> [Task directions]: What follows is a set of records. Copy them exactly and leave out the images.

> [Recorded data]:
***

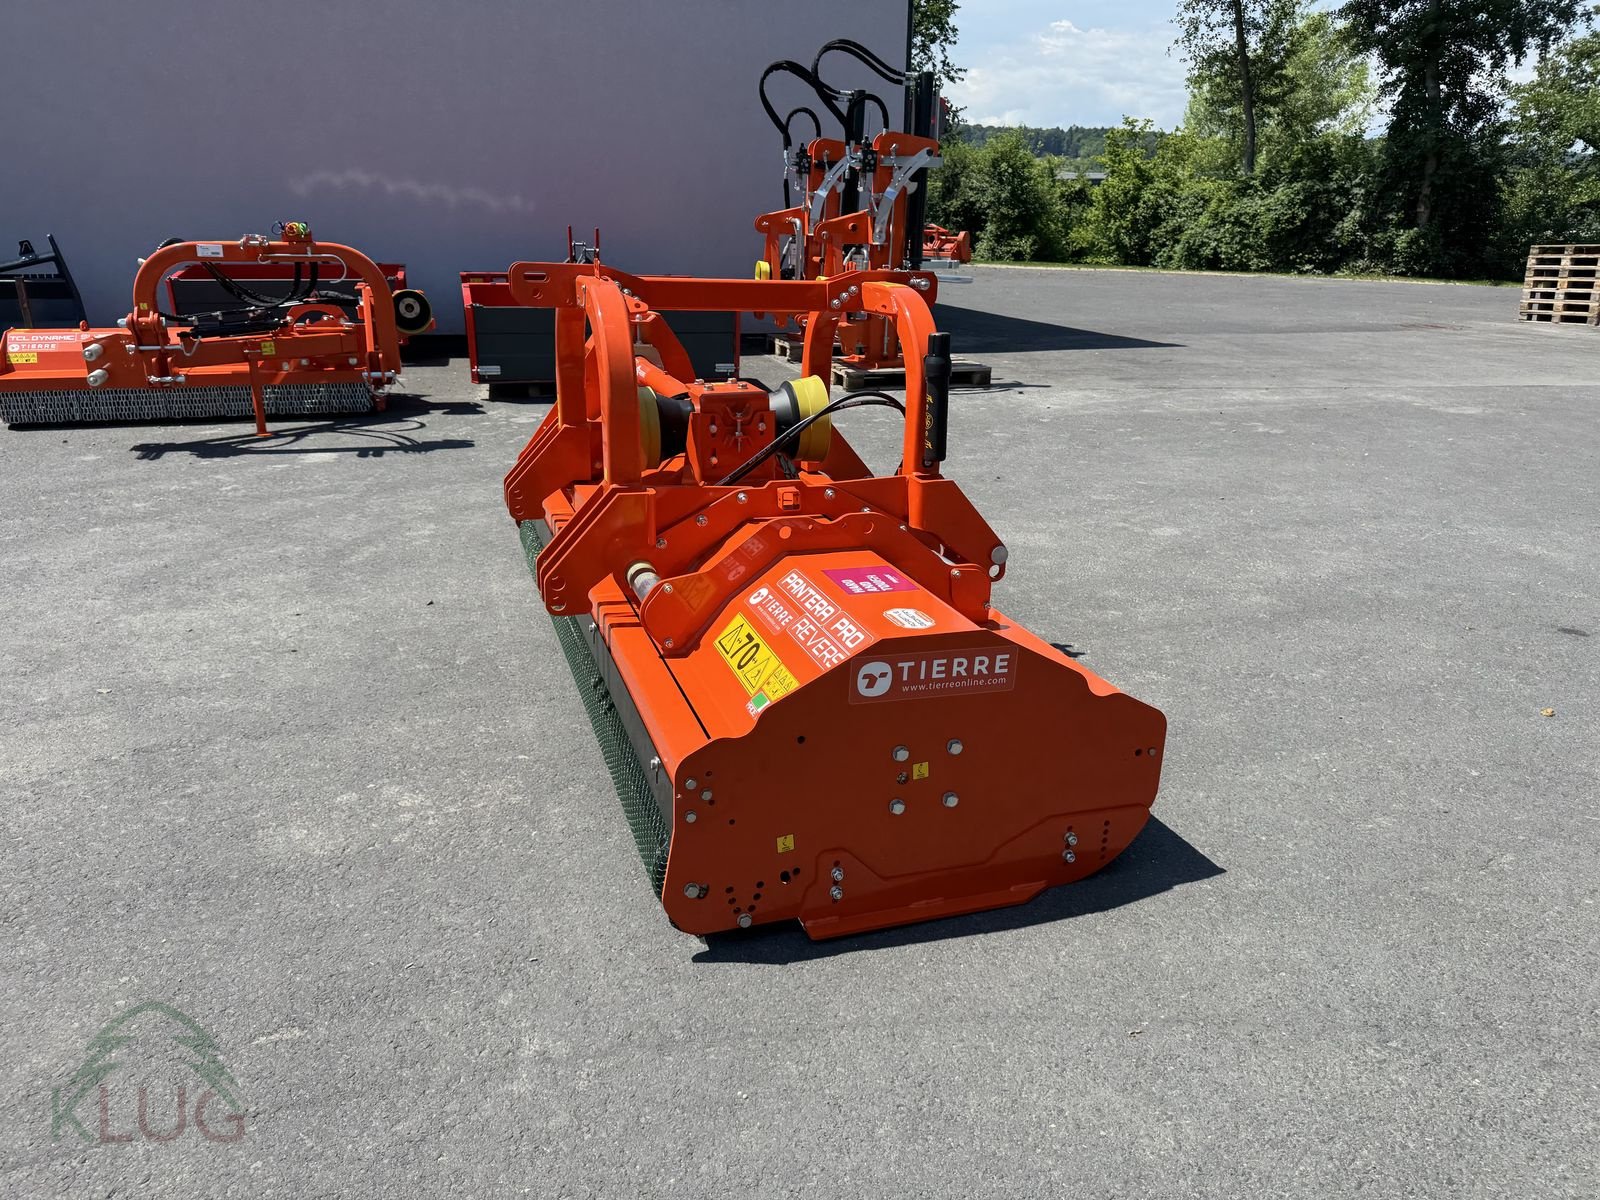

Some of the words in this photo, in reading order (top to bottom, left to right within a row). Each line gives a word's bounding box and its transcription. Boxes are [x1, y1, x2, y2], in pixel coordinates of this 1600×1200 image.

[762, 594, 793, 626] TIERRE
[781, 573, 835, 621] PANTERA
[831, 618, 864, 648] PRO
[730, 632, 760, 670] 70
[897, 654, 1010, 681] TIERRE
[902, 676, 1007, 692] www.tierreonline.com

***

> [Output below]:
Some of the words in this photo, in reading order (top to bottom, left to right within a row). Each line gives a word's bounding box and its transcription. Boxes are [x1, y1, x2, y2], in pixel coordinates of this 1600×1200 image.

[762, 594, 793, 626] TIERRE
[781, 573, 835, 621] PANTERA
[831, 618, 864, 648] PRO
[730, 632, 760, 670] 70
[897, 654, 1010, 681] TIERRE
[902, 676, 1007, 692] www.tierreonline.com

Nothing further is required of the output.